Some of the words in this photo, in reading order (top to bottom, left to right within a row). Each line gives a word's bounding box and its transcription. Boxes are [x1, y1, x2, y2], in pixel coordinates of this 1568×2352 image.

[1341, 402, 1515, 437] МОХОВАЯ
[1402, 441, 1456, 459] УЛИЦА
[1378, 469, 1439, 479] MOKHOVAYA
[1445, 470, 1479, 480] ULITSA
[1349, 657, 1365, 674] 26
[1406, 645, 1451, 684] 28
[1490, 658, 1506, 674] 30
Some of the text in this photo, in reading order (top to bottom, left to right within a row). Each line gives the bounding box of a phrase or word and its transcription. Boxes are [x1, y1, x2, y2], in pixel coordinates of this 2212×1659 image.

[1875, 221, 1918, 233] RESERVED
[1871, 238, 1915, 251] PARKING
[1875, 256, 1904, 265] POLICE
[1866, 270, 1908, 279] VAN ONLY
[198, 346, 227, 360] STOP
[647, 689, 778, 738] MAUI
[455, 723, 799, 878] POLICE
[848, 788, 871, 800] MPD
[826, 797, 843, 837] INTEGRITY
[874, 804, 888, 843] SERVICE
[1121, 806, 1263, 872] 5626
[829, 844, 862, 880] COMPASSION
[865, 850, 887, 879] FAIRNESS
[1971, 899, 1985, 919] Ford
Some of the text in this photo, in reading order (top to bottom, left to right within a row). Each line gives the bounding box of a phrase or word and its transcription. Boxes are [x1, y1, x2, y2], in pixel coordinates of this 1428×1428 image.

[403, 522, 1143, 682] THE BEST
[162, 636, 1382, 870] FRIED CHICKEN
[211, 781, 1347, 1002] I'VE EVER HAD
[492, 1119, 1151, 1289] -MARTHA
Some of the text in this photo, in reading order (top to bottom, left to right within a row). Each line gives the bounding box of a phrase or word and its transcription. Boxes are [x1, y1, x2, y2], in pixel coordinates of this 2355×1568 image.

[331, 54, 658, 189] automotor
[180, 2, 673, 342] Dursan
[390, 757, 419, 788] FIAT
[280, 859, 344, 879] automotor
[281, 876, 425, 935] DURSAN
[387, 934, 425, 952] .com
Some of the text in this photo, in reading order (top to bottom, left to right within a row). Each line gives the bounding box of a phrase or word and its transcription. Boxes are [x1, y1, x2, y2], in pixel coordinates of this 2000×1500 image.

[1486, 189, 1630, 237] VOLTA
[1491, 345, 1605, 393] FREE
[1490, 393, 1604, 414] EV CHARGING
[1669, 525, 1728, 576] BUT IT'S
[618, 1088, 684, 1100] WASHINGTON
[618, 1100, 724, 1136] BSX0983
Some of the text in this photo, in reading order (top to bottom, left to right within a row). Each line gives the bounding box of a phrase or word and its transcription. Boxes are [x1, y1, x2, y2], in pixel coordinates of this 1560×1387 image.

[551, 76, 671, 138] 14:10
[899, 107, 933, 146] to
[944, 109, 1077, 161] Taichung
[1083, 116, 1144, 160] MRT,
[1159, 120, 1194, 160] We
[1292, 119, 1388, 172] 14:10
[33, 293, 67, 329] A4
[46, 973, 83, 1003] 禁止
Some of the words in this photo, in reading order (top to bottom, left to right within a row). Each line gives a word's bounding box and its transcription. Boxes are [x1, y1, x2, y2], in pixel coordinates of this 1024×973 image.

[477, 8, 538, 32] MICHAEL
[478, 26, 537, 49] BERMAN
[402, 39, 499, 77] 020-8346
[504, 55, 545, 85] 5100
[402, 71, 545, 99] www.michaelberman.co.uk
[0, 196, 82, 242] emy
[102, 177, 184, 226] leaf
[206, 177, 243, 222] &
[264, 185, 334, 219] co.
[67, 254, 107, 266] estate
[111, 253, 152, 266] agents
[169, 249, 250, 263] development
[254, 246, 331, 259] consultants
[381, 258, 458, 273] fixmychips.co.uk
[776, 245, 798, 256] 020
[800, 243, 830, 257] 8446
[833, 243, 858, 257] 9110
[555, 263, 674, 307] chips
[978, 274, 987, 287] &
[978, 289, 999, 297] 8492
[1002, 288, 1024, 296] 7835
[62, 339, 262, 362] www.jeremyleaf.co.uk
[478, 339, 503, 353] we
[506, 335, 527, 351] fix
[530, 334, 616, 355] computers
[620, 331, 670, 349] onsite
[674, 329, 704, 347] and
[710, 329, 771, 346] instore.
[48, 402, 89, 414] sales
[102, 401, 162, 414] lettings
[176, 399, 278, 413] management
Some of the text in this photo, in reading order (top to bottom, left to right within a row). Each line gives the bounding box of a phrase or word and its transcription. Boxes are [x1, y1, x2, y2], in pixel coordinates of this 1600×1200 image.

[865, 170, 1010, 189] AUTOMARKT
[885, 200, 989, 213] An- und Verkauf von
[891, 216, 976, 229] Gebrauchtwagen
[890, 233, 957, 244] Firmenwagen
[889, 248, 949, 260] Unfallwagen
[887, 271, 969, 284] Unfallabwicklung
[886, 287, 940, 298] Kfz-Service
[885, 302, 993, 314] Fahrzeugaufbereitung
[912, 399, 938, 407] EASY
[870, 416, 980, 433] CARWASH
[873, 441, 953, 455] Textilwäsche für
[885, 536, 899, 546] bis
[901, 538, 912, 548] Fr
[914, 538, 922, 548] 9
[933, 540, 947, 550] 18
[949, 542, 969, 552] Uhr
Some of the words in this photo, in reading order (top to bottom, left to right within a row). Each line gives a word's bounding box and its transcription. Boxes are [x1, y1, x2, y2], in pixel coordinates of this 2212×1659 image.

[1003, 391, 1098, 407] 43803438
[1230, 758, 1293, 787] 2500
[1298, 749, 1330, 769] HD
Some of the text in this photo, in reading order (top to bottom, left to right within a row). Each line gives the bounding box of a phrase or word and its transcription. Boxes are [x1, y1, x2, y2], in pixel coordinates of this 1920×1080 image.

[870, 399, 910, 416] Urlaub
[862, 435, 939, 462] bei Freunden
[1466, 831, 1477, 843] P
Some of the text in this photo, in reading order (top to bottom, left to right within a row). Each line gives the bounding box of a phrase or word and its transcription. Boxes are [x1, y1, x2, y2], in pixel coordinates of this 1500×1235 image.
****************
◆ About this task ◆
Reproduce each entry above character for character.

◆ Your solution ◆
Some of the words in this photo, in reading order (top to bottom, left to right within a row). Each line gives a word's bounding box and its transcription. Boxes are [x1, y1, x2, y2], in pixel coordinates of this 1568×2352 image.

[1341, 402, 1515, 437] МОХОВАЯ
[1402, 441, 1456, 459] УЛИЦА
[1378, 469, 1439, 479] MOKHOVAYA
[1445, 470, 1479, 480] ULITSA
[1349, 657, 1365, 674] 26
[1406, 645, 1451, 684] 28
[1490, 658, 1506, 674] 30
Some of the text in this photo, in reading order (top to bottom, left to right within a row). Each line gives the bounding box of a phrase or word and its transcription. Boxes are [x1, y1, x2, y2], in pixel coordinates of this 2212×1659 image.

[1875, 221, 1918, 233] RESERVED
[1871, 238, 1915, 251] PARKING
[1875, 256, 1904, 265] POLICE
[1866, 270, 1908, 279] VAN ONLY
[198, 346, 227, 360] STOP
[647, 689, 778, 738] MAUI
[455, 723, 799, 878] POLICE
[848, 788, 871, 800] MPD
[826, 797, 843, 837] INTEGRITY
[874, 804, 888, 843] SERVICE
[1121, 806, 1263, 872] 5626
[829, 844, 862, 880] COMPASSION
[865, 850, 887, 879] FAIRNESS
[1971, 899, 1985, 919] Ford
Some of the text in this photo, in reading order (top to bottom, left to right within a row). Each line gives the bounding box of a phrase or word and its transcription. Boxes are [x1, y1, x2, y2], in pixel coordinates of this 1428×1428 image.

[403, 522, 1143, 682] THE BEST
[162, 636, 1382, 870] FRIED CHICKEN
[211, 781, 1347, 1002] I'VE EVER HAD
[492, 1119, 1151, 1289] -MARTHA
Some of the text in this photo, in reading order (top to bottom, left to right within a row). Each line gives the bounding box of a phrase or word and its transcription. Boxes are [x1, y1, x2, y2], in pixel coordinates of this 2355×1568 image.

[331, 54, 658, 189] automotor
[180, 2, 673, 342] Dursan
[390, 757, 419, 788] FIAT
[280, 859, 344, 879] automotor
[281, 876, 425, 935] DURSAN
[387, 934, 425, 952] .com
Some of the text in this photo, in reading order (top to bottom, left to right within a row). Each line gives the bounding box of a phrase or word and its transcription. Boxes are [x1, y1, x2, y2], in pixel coordinates of this 2000×1500 image.

[1486, 189, 1630, 237] VOLTA
[1491, 345, 1605, 393] FREE
[1490, 393, 1604, 414] EV CHARGING
[1669, 525, 1728, 576] BUT IT'S
[618, 1088, 684, 1100] WASHINGTON
[618, 1100, 724, 1136] BSX0983
Some of the text in this photo, in reading order (top to bottom, left to right within a row). Each line gives the bounding box of a phrase or word and its transcription. Boxes are [x1, y1, x2, y2], in pixel coordinates of this 1560×1387 image.

[551, 76, 671, 138] 14:10
[899, 107, 933, 146] to
[944, 109, 1077, 161] Taichung
[1083, 116, 1144, 160] MRT,
[1159, 120, 1194, 160] We
[1292, 119, 1388, 172] 14:10
[33, 293, 67, 329] A4
[46, 973, 83, 1003] 禁止
Some of the words in this photo, in reading order (top to bottom, left to right within a row). Each line gives a word's bounding box and its transcription. Boxes are [x1, y1, x2, y2], in pixel coordinates of this 1024×973 image.

[477, 8, 538, 32] MICHAEL
[478, 26, 537, 49] BERMAN
[402, 39, 499, 77] 020-8346
[504, 55, 545, 85] 5100
[402, 71, 545, 99] www.michaelberman.co.uk
[0, 196, 82, 242] emy
[102, 177, 184, 226] leaf
[206, 177, 243, 222] &
[264, 185, 334, 219] co.
[67, 254, 107, 266] estate
[111, 253, 152, 266] agents
[169, 249, 250, 263] development
[254, 246, 331, 259] consultants
[381, 258, 458, 273] fixmychips.co.uk
[776, 245, 798, 256] 020
[800, 243, 830, 257] 8446
[833, 243, 858, 257] 9110
[555, 263, 674, 307] chips
[978, 274, 987, 287] &
[978, 289, 999, 297] 8492
[1002, 288, 1024, 296] 7835
[62, 339, 262, 362] www.jeremyleaf.co.uk
[478, 339, 503, 353] we
[506, 335, 527, 351] fix
[530, 334, 616, 355] computers
[620, 331, 670, 349] onsite
[674, 329, 704, 347] and
[710, 329, 771, 346] instore.
[48, 402, 89, 414] sales
[102, 401, 162, 414] lettings
[176, 399, 278, 413] management
Some of the text in this photo, in reading order (top to bottom, left to right within a row). Each line gives the bounding box of a phrase or word and its transcription. Boxes are [x1, y1, x2, y2], in pixel coordinates of this 1600×1200 image.

[865, 170, 1010, 189] AUTOMARKT
[885, 200, 989, 213] An- und Verkauf von
[891, 216, 976, 229] Gebrauchtwagen
[890, 233, 957, 244] Firmenwagen
[889, 248, 949, 260] Unfallwagen
[887, 271, 969, 284] Unfallabwicklung
[886, 287, 940, 298] Kfz-Service
[885, 302, 993, 314] Fahrzeugaufbereitung
[912, 399, 938, 407] EASY
[870, 416, 980, 433] CARWASH
[873, 441, 953, 455] Textilwäsche für
[885, 536, 899, 546] bis
[901, 538, 912, 548] Fr
[914, 538, 922, 548] 9
[933, 540, 947, 550] 18
[949, 542, 969, 552] Uhr
Some of the words in this photo, in reading order (top to bottom, left to right within a row). Each line gives a word's bounding box and its transcription. Boxes are [x1, y1, x2, y2], in pixel coordinates of this 2212×1659 image.

[1003, 391, 1098, 407] 43803438
[1230, 758, 1293, 787] 2500
[1298, 749, 1330, 769] HD
Some of the text in this photo, in reading order (top to bottom, left to right within a row). Each line gives the bounding box of a phrase or word and its transcription. Boxes are [x1, y1, x2, y2], in pixel coordinates of this 1920×1080 image.

[870, 399, 910, 416] Urlaub
[862, 435, 939, 462] bei Freunden
[1466, 831, 1477, 843] P
Some of the text in this photo, in reading order (top to bottom, left to right within a row). Each line gives the bounding box of a phrase or word and its transcription. Boxes are [x1, y1, x2, y2], in pixel coordinates of this 1500×1235 image.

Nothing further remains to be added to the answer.